Câmara derruba taxação das bets e retira CIDE que poderia arrecadar R$ 30 bilhões para segurança pública

Exclusão da CIDE-Bets elimina contribuição de 15% sobre apostas e adia debate para projeto separado.

Foto: Internet.

A Câmara dos Deputados decidiu retirar do texto do PL Antifacção a proposta de taxação das bets, derrubando a criação da chamada CIDE-Bets, que havia sido incluída pelo Senado Federal. A medida previa a cobrança de 15% sobre apostas de quota fixa, com estimativa de arrecadação anual de até R$ 30 bilhões destinados ao Fundo Nacional de Segurança Pública.

Com a exclusão do dispositivo, deixa de ser criado o fundo bilionário que financiaria ações de combate ao crime organizado, além da construção e modernização de presídios e do reforço orçamentário para órgãos como a Polícia Federal.

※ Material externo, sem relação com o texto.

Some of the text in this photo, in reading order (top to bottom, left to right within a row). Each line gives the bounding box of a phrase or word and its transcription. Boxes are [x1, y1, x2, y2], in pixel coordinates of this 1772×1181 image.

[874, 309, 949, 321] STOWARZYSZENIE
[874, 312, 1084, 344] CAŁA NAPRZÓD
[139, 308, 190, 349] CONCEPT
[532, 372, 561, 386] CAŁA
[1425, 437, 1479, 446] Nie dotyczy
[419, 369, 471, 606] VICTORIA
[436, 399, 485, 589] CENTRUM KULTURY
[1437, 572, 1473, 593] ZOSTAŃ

A taxação das casas de apostas deverá ser discutida futuramente em um projeto específico.

O relator da matéria chegou a defender a contribuição, mas um destaque apresentado pelo próprio partido dele, o PP, suprimiu o trecho que instituía a CIDE-Bets.

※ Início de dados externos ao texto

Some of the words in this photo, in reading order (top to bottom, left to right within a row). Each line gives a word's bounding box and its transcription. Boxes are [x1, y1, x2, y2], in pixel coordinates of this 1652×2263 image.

A retirada da taxação provocou forte reação entre parlamentares da base governista. O deputado Lindbergh Farias afirmou que a cobrança poderia garantir R$ 30 bilhões anuais para investimentos em segurança pública. Já Bohn Gass declarou que eliminar a contribuição seria “favorecer o crime”.

O deputado Chico Alencar classificou a decisão como “gravíssima”, enquanto Otoni de Paula afirmou que a Câmara “se curvou ao lobby das bets”.

A proposta previa que os recursos arrecadados com a contribuição incidissem diretamente sobre o mercado de apostas esportivas de quota fixa, um dos segmentos que mais cresceram no país nos últimos anos. O montante seria direcionado ao Fundo Nacional de Segurança Pública, fortalecendo políticas de enfrentamento ao crime organizado.

Sem a CIDE-Bets, o texto final aprovado pela Câmara mantém os demais dispositivos do projeto, mas retira a fonte adicional de financiamento que poderia ampliar investimentos estruturais na área de segurança.

A discussão sobre a taxação das bets, no entanto, não está encerrada. A expectativa é que o tema volte à pauta do Congresso em proposta autônoma. Enquanto isso, o projeto aprovado segue para sanção presidencial, sem a contribuição sobre apostas que gerou intenso debate político no Plenário.